For teachers, Hannah Lee’s books offer a practical reminder that inclusive literature should not be saved for special occasions. Books that celebrate Black hair, diverse characters, and different forms of talent belong in the everyday classroom library, not only on themed bulletin boards. When children encounter inclusive stories as part of normal reading life, they learn that diversity is not an “extra unit.” It is part of the world.
For young writers, Hannah Lee’s career also offers an encouraging lesson: personal experiences and cultural details can become powerful stories. A writer does not always need a giant fantasy kingdom or a complicated plot twist to create something memorable. Sometimes the strongest story begins with a question as familiar as “How should I wear my hair?” or “What if a princess could not singbut could rap?” The magic is in noticing what others overlook.

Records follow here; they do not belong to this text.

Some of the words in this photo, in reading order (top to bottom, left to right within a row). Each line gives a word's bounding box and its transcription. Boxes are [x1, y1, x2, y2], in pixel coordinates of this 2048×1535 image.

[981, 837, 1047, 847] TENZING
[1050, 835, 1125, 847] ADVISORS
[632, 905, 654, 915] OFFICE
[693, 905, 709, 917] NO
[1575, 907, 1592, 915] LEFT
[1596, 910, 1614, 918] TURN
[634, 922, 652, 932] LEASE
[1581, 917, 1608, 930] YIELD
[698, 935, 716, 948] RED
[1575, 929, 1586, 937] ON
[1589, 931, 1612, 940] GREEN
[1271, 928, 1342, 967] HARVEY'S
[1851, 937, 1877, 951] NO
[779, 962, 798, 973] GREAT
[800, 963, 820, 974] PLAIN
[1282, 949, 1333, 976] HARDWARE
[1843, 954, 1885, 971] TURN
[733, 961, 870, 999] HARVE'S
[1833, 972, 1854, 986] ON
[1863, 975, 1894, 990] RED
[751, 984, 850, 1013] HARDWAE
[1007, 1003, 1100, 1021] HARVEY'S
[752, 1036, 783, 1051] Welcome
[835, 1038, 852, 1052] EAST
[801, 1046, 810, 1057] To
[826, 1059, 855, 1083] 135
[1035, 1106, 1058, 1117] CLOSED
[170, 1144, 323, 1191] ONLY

For librarians and booksellers, her books are useful because they are easy to recommend across different needs. A family looking for joyful Black representation? Start with My Hair. A teacher looking for a read-aloud with rhythm? Try The Rapping Princess. A child who loves performance, music, or fairy tales with a twist? Shiloh is ready for the microphone.
The broader experience of reading Hannah Lee is one of affirmation. Her stories do not shout, “Be confident!” from a motivational poster. They show confidence through characters making choices, exploring identity, and discovering joy. That is why the books work. Children are not simply told to love themselves. They are given a story where self-love looks fun, possible, and beautifully normal.
Conclusion
Hannah Lee has built a meaningful place in children’s literature by writing books that are joyful, rhythmic, representative, and deeply affirming. With My Hair, she gave readers a celebration of Black hair, family influence, and personal pride. With The Rapping Princess, she offered a lively fairy tale about finding your voiceeven when that voice does not sound the way others expect.
Her work reminds us that children’s books can be playful and powerful at the same time. They can make readers laugh, clap, rhyme, point, ask questions, and feel seen. That combination is not easy to achieve, but Hannah Lee does it with warmth and style. In her stories, confidence is not stiff or serious. It has rhythm. It has color. Sometimes, it has braids. Sometimes, it has bars.